Bald Premiere in Mönchengladbach : In dieser „Carmen“ ist Liebe ein Glücksspiel

Kobie van Rensburg inszeniert Georges Bizets Oper als raumgreifendes Video- und Tanzprojekt in Konzertaufstellung. Die Premiere in Mönchengladbach naht.

Die für Freitag, 10. September, terminierte Premiere der beliebten Bizet-Oper „Carmen“ stammt aus Zeiten des ersten Lockdowns und ist im vergangenen Herbst in Krefeld gelaufen. Kobie van Rensburg, einer der Stammregisseure des Gemeinschaftstheaters, dessen Inszenierungen immer wieder kreative Funken aus dem Einsatz von Video-, Bluescreen und zuletzt Virtual-Reality-Technik schlugen, hat aus der Not, das verkleinerte Orchester auf die Bühne setzen zu müssen und die Sängerinnen und Sänger davor zu postieren, eine Tugend gemacht. In seiner konzertanten „Carmen“ wird getanzt und ausgiebig dem Glücksspiel gefrönt.

 „Es ist doch ein großes Glück, dass wir die Schwingungen der Raumluft wieder miteinander teilen können“, beginnt van Rensburg das Gespräch über die Idee seiner Carmen-Arbeit, der er selbst die Vokabel „Inszenierung“ ungern zuweist. Er erschaffe vielmehr einen „digitalen Raum“, in dem Solisten und Orchester Bizets so ungemein emotionale Partitur zum Glühen bringen, in dem jedoch die Handlung neue Mittel braucht, um das Publikum zu erreichen. „Vier Tänzer verkörpern die Gefühle der vier Hauptpersonen, die digitale Form ergänzt neben der Handlung eine Projektionsfläche für weitergehende Assoziationen.“ Van Rensburg hat bewegliche Leinwände im Spielkartenformat bis in den Saal hinein, neben die Sänger und übers Orchester gehängt, auf die mit vier Projektoren das Spiel der Liebenden und des Glücks erscheint. Denn das ist van Rensburgs Zugang zum allbekannten Carmen-Stoff: Dass alles ja auch ganz anders ausgehen könnte, wenn die beiden „Liebesdreiecke“ andere Überschneidungen gefunden hätten.

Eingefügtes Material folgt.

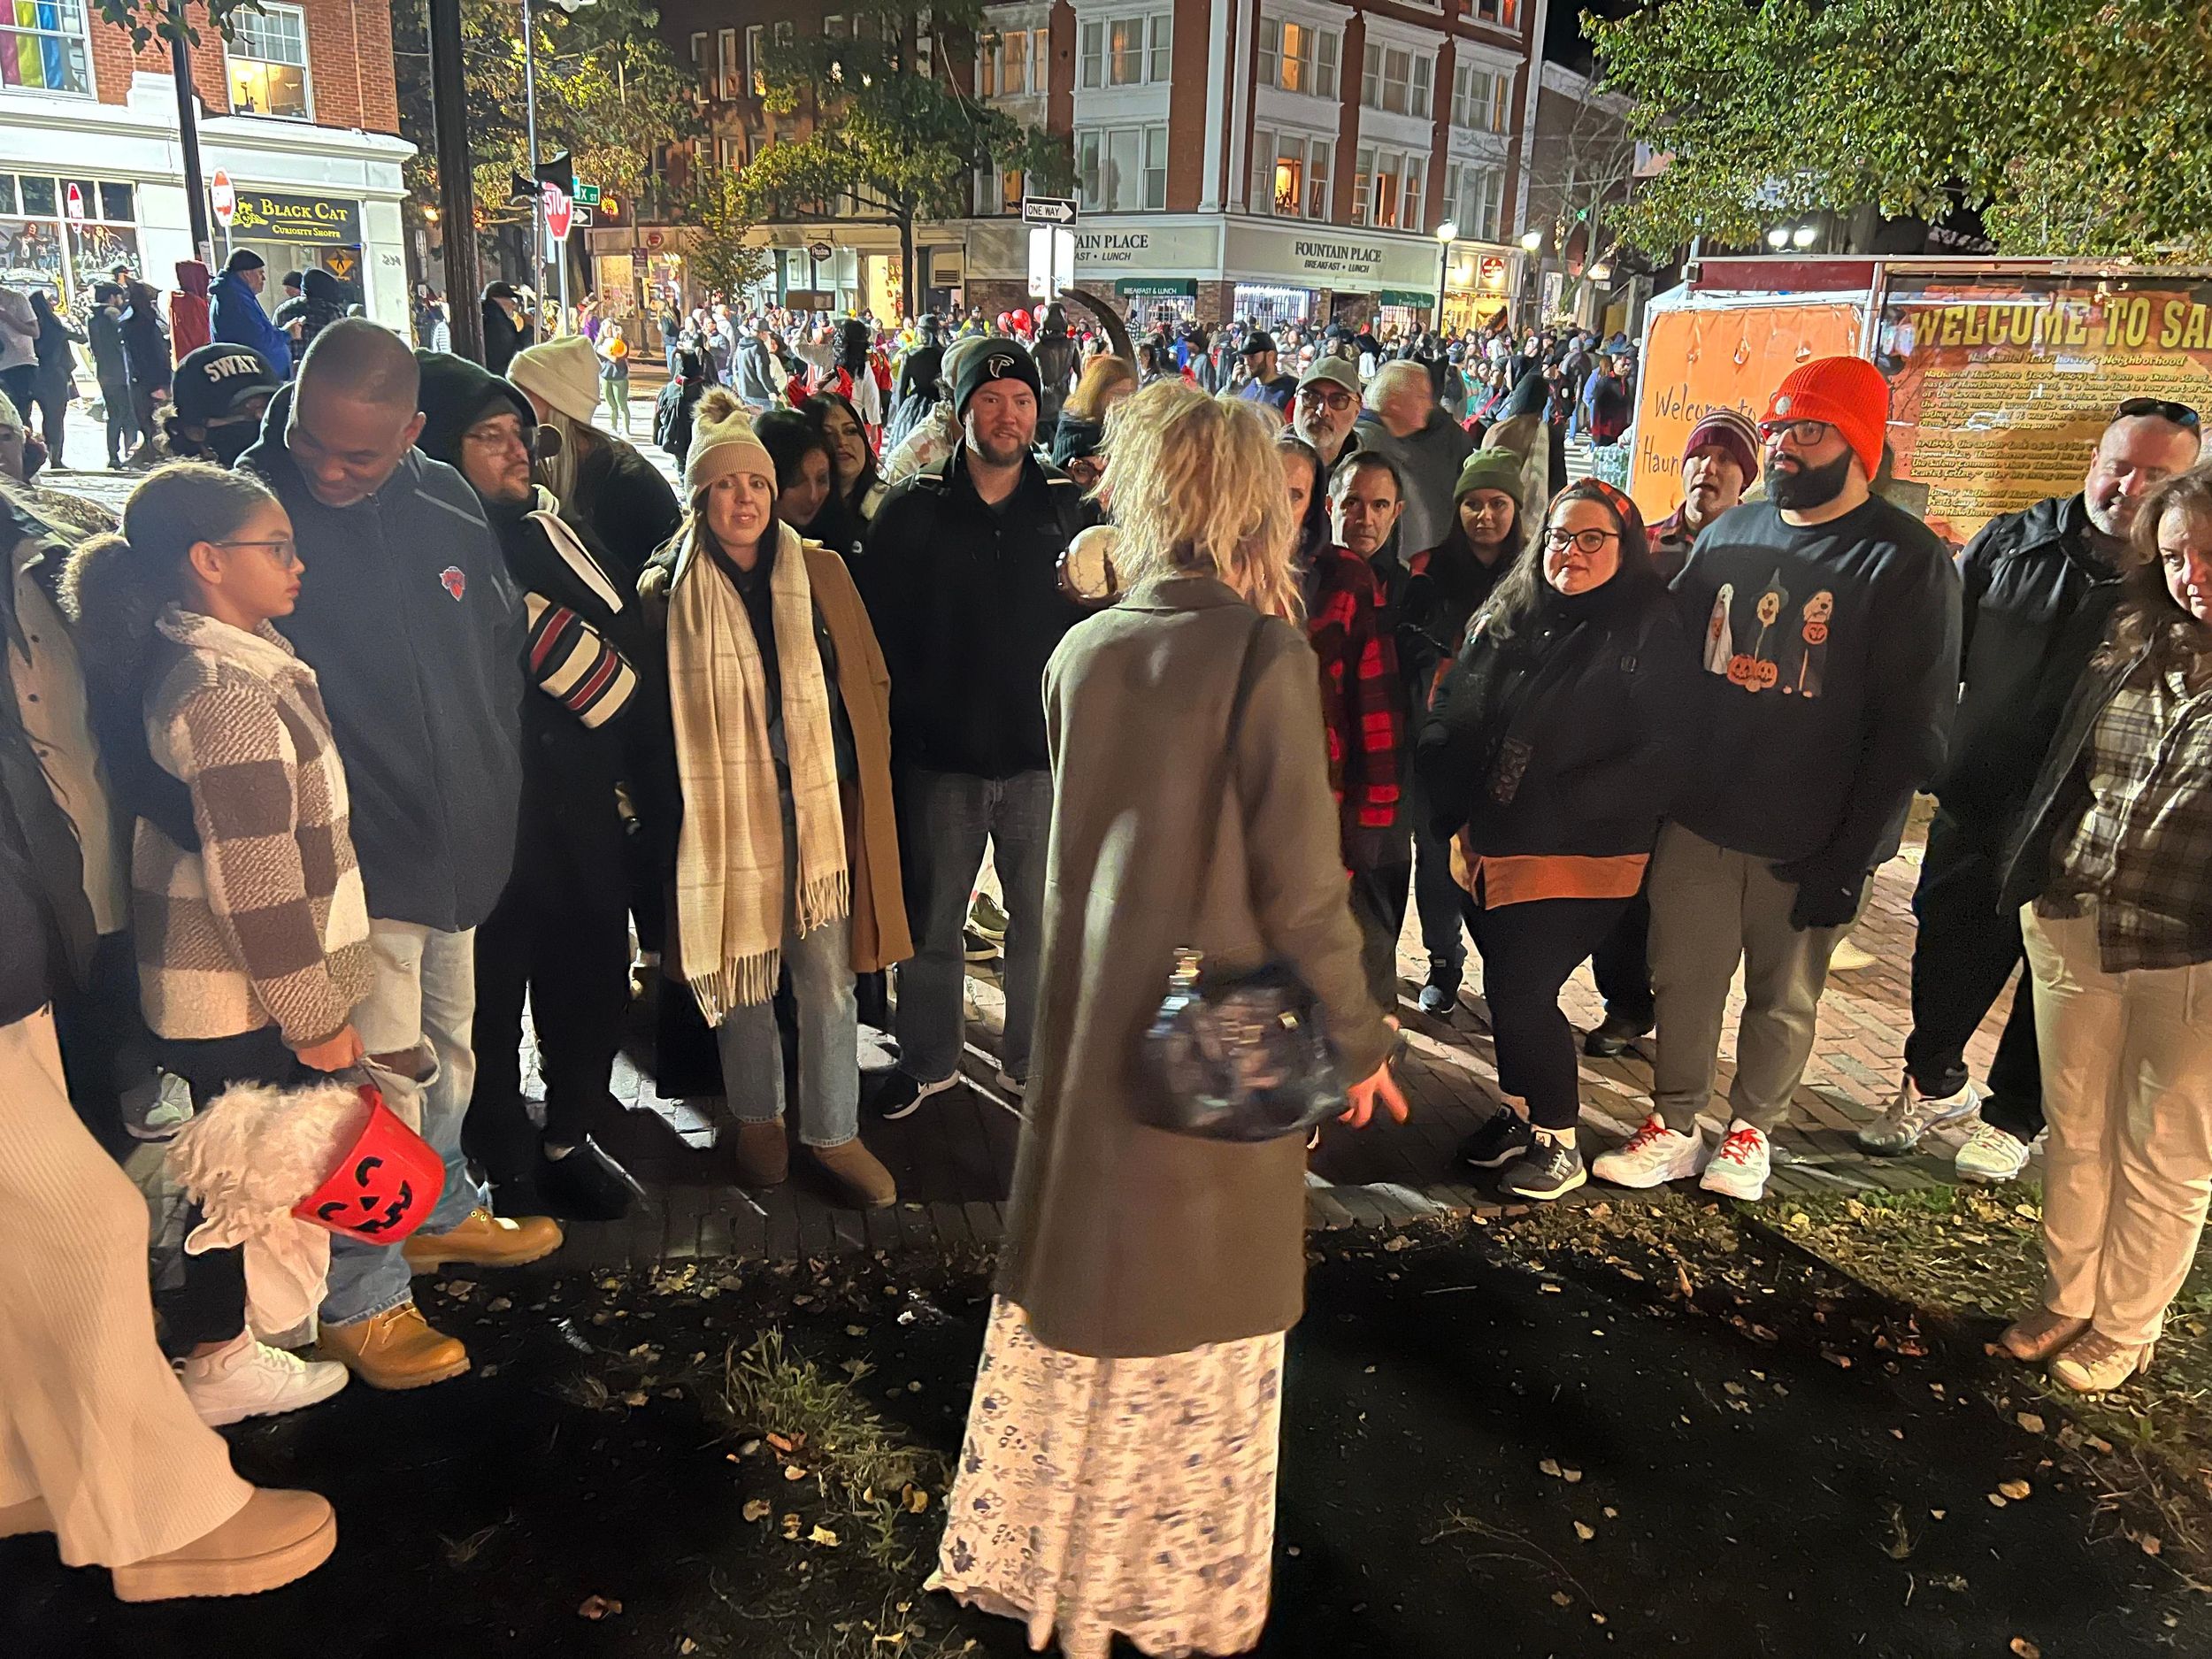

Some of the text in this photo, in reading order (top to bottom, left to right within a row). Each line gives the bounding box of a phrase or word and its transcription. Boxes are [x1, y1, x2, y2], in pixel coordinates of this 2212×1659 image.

Also wird es auf den Karten-Leinwänden so manch überraschende „Lösung“ zu sehen geben, eine betrifft sogar das Finale, in dem – für gewöhnlich – Don José Carmen ersticht. „Auf die Perspektive kommt es an“, verrät Kobie van Rensburg vielsagend. Und fügt an: „Was wäre, wenn...“ Musikalisch präsentiert diese „Carmen“ das von Generalmusikdirektor Mikel Kütson dirigierte nicht ganz so große Orchester der Niederrheinischen Sinfoniker und acht Solisten aus dem Hausensemble. Eva Maria Günschmann ist in der Premiere die Carmen, David Esteban der Don José. Auf den Chor muss die Aufführung verzichten, ebenfalls auf viel Musik, weil die Corona-Pandemie nur 90 Minuten Spieldauer ohne Pause zuläßt. Dass diese seine neue Fassung der „Carmen“ neben den großen Emotionen auch eine neue Sicht auf die Oper ermöglicht, dessen ist sich van Rensburg sicher. Man darf gespannt sein.